Infrared radiation is an invisible form of light that we usually detect as heat, like the sun shining on our face, or the warmth of a campfire. It has all the same properties as visible light: for example, it can be focused and reflected. The only difference is that it has a longer wavelength, which means we can't see it with the naked eye. Light is made of tiny particles called photons, and the wavelength tells us how fast those particles are vibrating. The shorter the wavelength, the faster the particles are moving. Shorter light waves look blue, and longer ones look red. The wavelength of infrared light is so long that we can't see it at all.

Infrared light is increasingly being used as a form of therapy for everything from arthritis pain and skin abrasions, to varicose veins and cellulite reduction. This is because it can activate enzymes in the human body, which then trigger other responses. For example, infrared lasers can stimulate the production of collagen, a protein used to repair and replace damaged tissue. It can also help the body form new capillaries, speeding up the healing process by carrying more nutrient-rich oxygen to damaged areas. While we feel infrared light as "heat" on the skin, most infrared lasers used in treatment are considered "cold": they are powerful enough to cause changes in cells, but not enough to cause tissue damage.

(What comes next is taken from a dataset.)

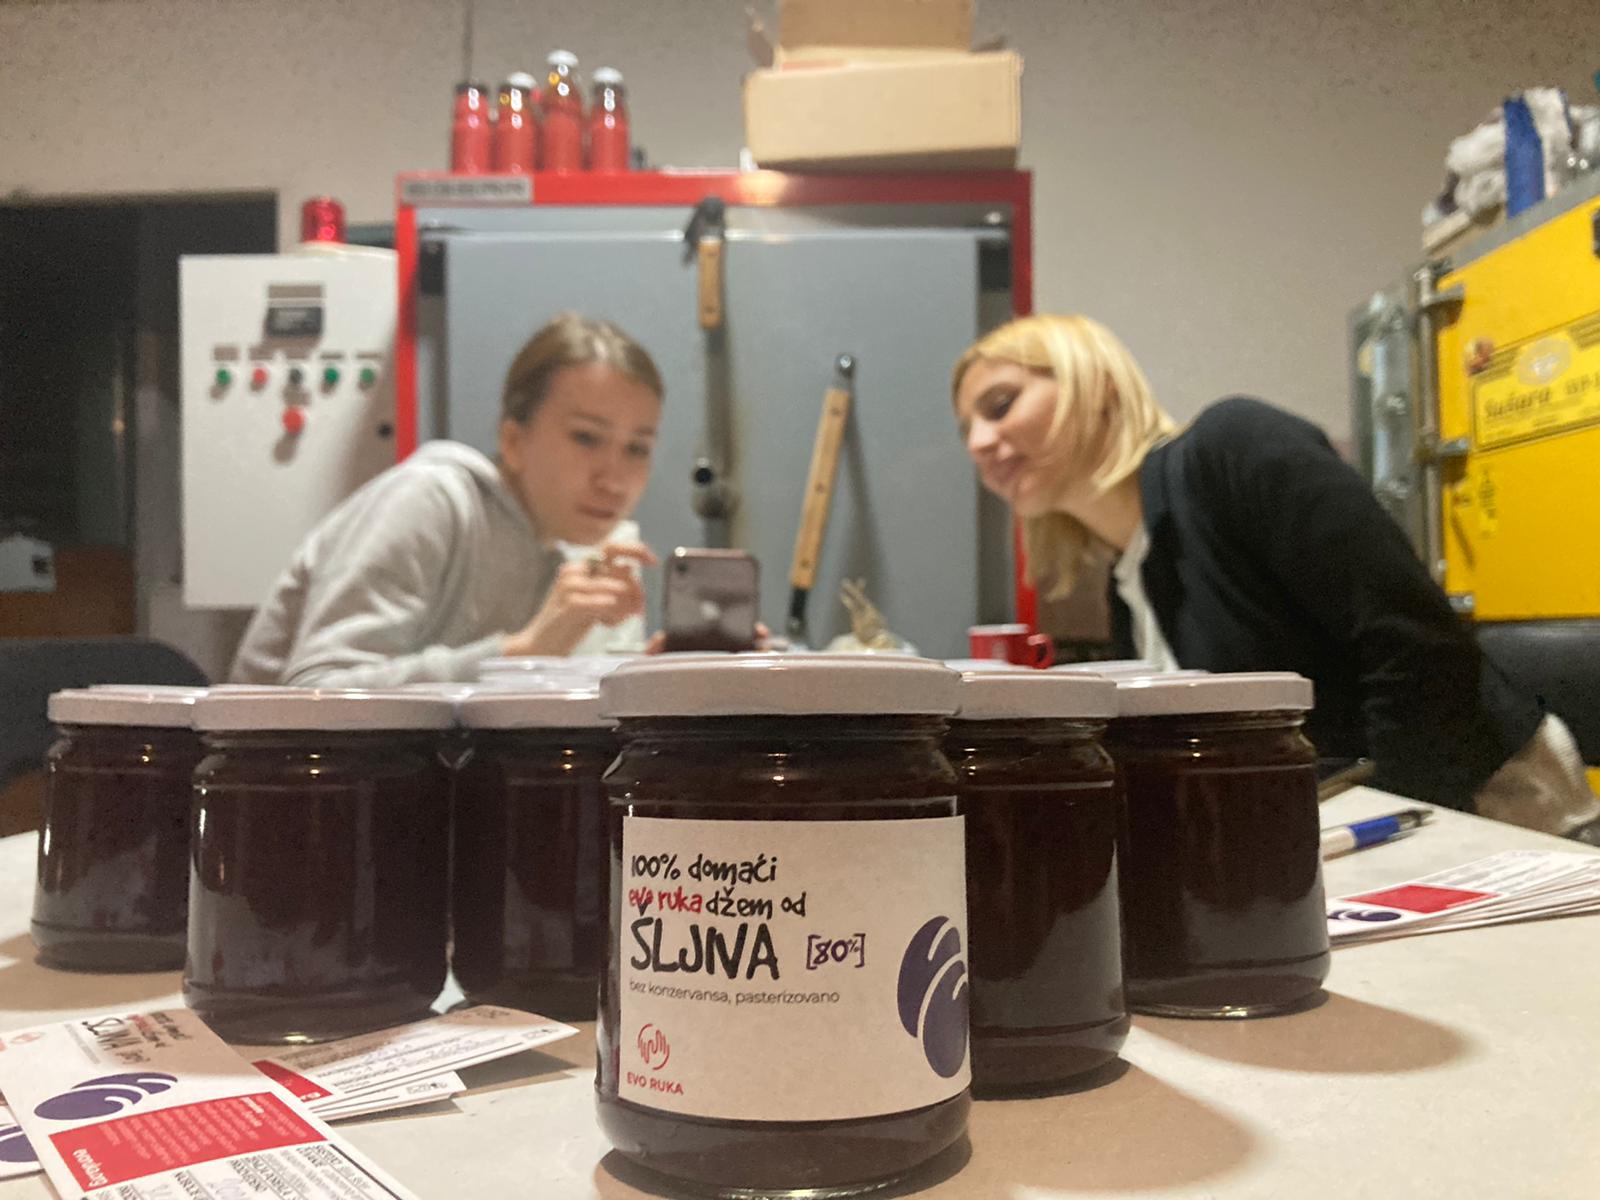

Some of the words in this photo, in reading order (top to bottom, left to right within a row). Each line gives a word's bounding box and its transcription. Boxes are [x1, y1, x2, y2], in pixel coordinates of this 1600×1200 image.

Any warm object gives off infrared radiation -- including the human body. Special heat-sensitive scanners can detect differences in heat, code them by color, and map them out in an image showing the hottest spots. Engineers use them to find heat leaks in buildings, doctors can find hidden tumors in the body, and biologists can locate diseased plants in a forest. Astronomers use infrared imaging to detect warm dust around new stars that are not yet "hot" enough to emit visible light.